A que apoios têm direito os estudantes?

Antes de mais, importa conhecer as opções disponíveis. A bolsa de estudo da ação social continua a ser o apoio mais relevante, mas não é o único. Existe também um complemento de alojamento para bolseiros deslocados, pensado para quem vive longe da residência habitual.
Além disso, se te candidatares a uma residência académica e não conseguires vaga, o apoio pode ser reforçado, tendo em conta os valores do arrendamento na zona onde estudas. Mesmo que não sejas bolseiro, podes ainda beneficiar de apoio ao alojamento em certas condições. Por fim, se precisares de viajar entre a tua residência e o local de estudo, existe um complemento de deslocação, e há ainda soluções específicas para quem vive nos Açores ou na Madeira.

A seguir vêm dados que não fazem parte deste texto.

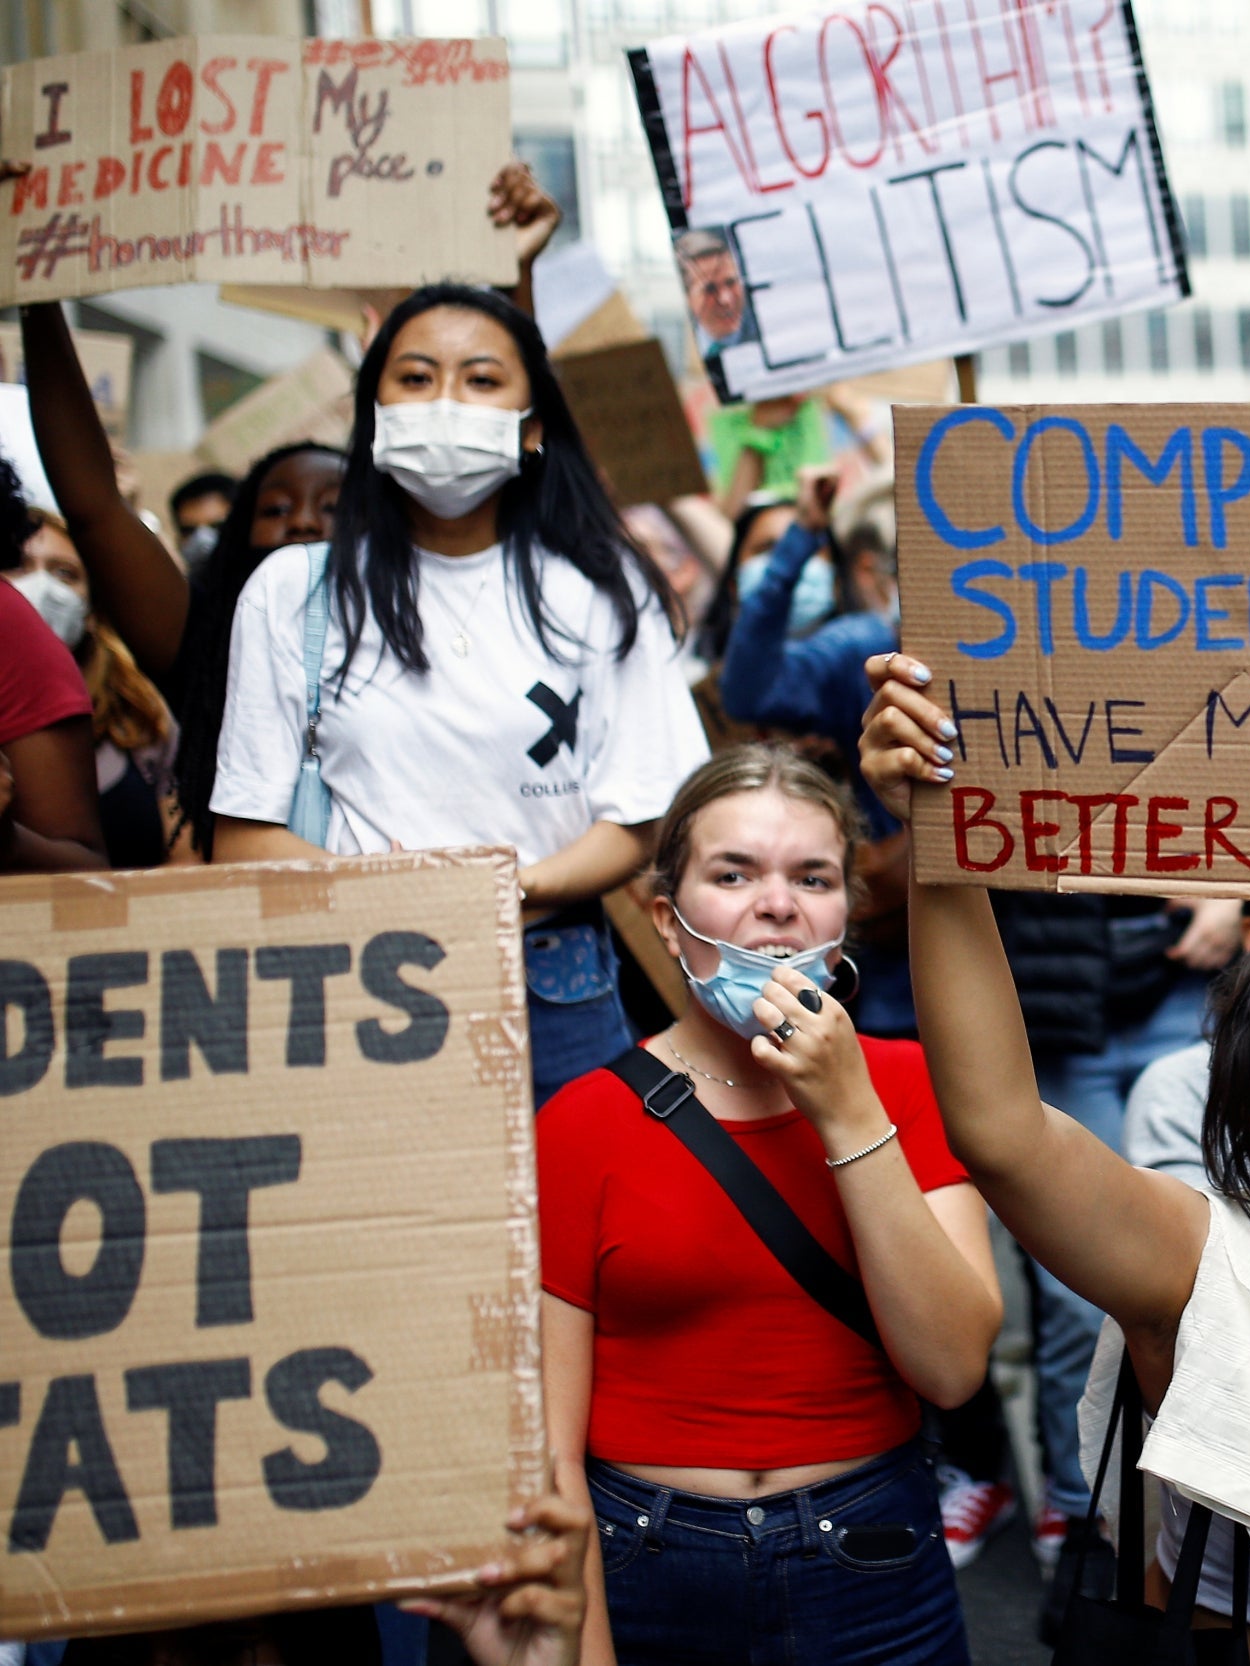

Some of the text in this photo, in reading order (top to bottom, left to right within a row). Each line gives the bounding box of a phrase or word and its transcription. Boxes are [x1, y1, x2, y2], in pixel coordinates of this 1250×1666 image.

[35, 82, 72, 149] I
[129, 59, 289, 144] LOST
[10, 142, 286, 215] MEDICINE
[731, 128, 1181, 369] ELITISM
[949, 679, 1156, 770] HAVE
[0, 1346, 384, 1555] ATS
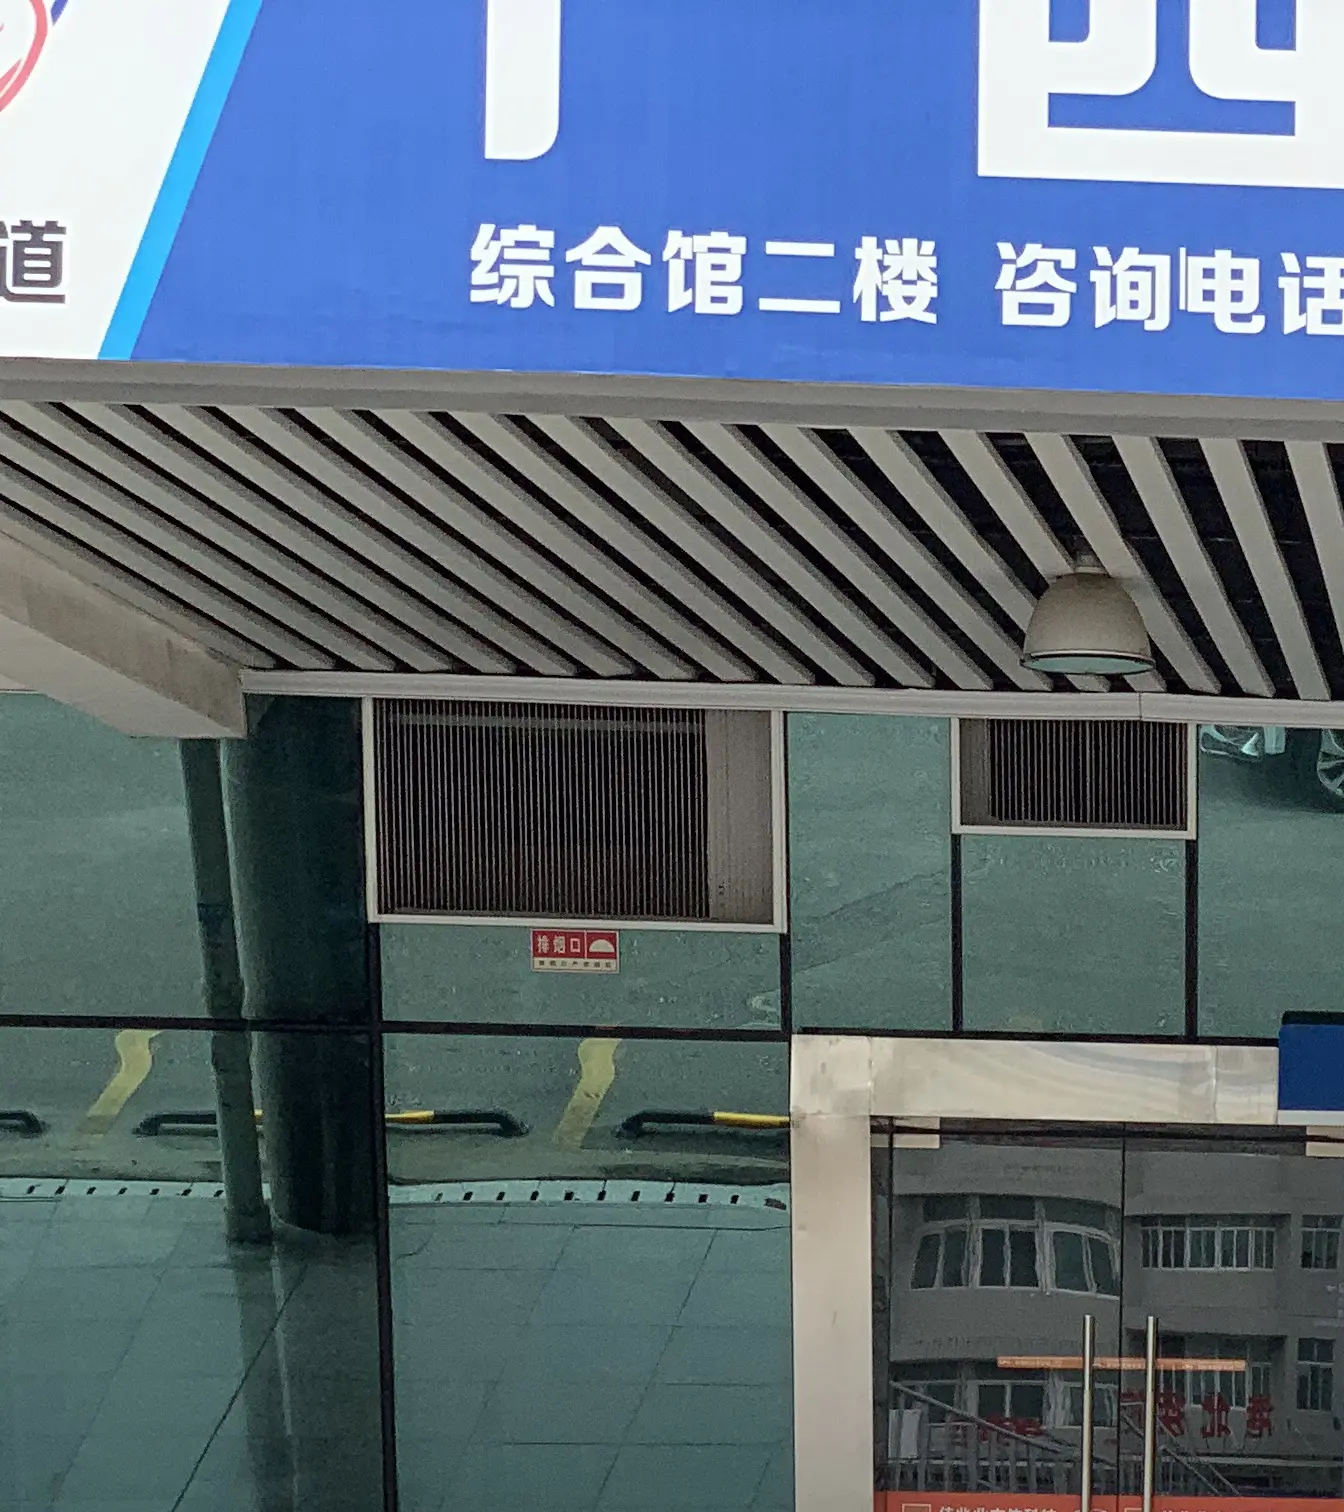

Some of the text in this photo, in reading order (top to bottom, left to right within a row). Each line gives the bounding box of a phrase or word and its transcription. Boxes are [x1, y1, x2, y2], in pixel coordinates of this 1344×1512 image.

[469, 223, 938, 325] 综合馆二楼

O que muda a partir deste ano letivo?
Contudo, a principal mudança está na integração dos apoios ao alojamento no novo modelo de ação social. O antigo complemento para estudantes deslocados deixa de existir, e as despesas de alojamento passam a entrar de forma mais direta no cálculo da tua bolsa.
Assim, se fores bolseiro deslocado, passas a ter prioridade no acesso às residências universitárias, embora não sejas obrigado a ficar lá. Se não houver vaga, a bolsa deve refletir o custo do alojamento privado no teu concelho. Em números concretos, quem ficar numa residência pode contar com um apoio mensal de cerca de 161 euros, enquanto a bolsa média anual deve subir de 1.734 para 2.660 euros.
A nova Bolsa de Incentivo

Para além destes apoios, surge também a Bolsa de Incentivo, dirigida a quem entra pela primeira vez no ensino superior e pertence a um agregado com menores rendimentos. Este apoio, no valor de 1.075 euros, é pago numa única prestação e pode acumular com a bolsa de estudo. Assim, se pertencias ao primeiro escalão do abono de família em maio de 2026, vale a pena verificar se cumpres os restantes requisitos. Depois da matrícula confirmada, a atribuição é automática, o que facilita bastante o processo.
Não fiques de fora!
Por isso, começa já a organizar-te. Consulta os Serviços de Ação Social da tua instituição, guarda sempre o contrato e os comprovativos de pagamento do alojamento e verifica os prazos de candidatura às residências. Se não conseguires vaga, procura alternativas no mercado privado, mas confirma sempre a identidade do senhorio e desconfia de pedidos de pagamento urgentes.
Podes ainda considerar o Porta 65 Jovem, mesmo sem teres ainda um contrato de arrendamento fechado. No fundo, quanto mais cedo te informares sobre estes apoios, maior é a tua margem para organizar o orçamento deste novo ano académico.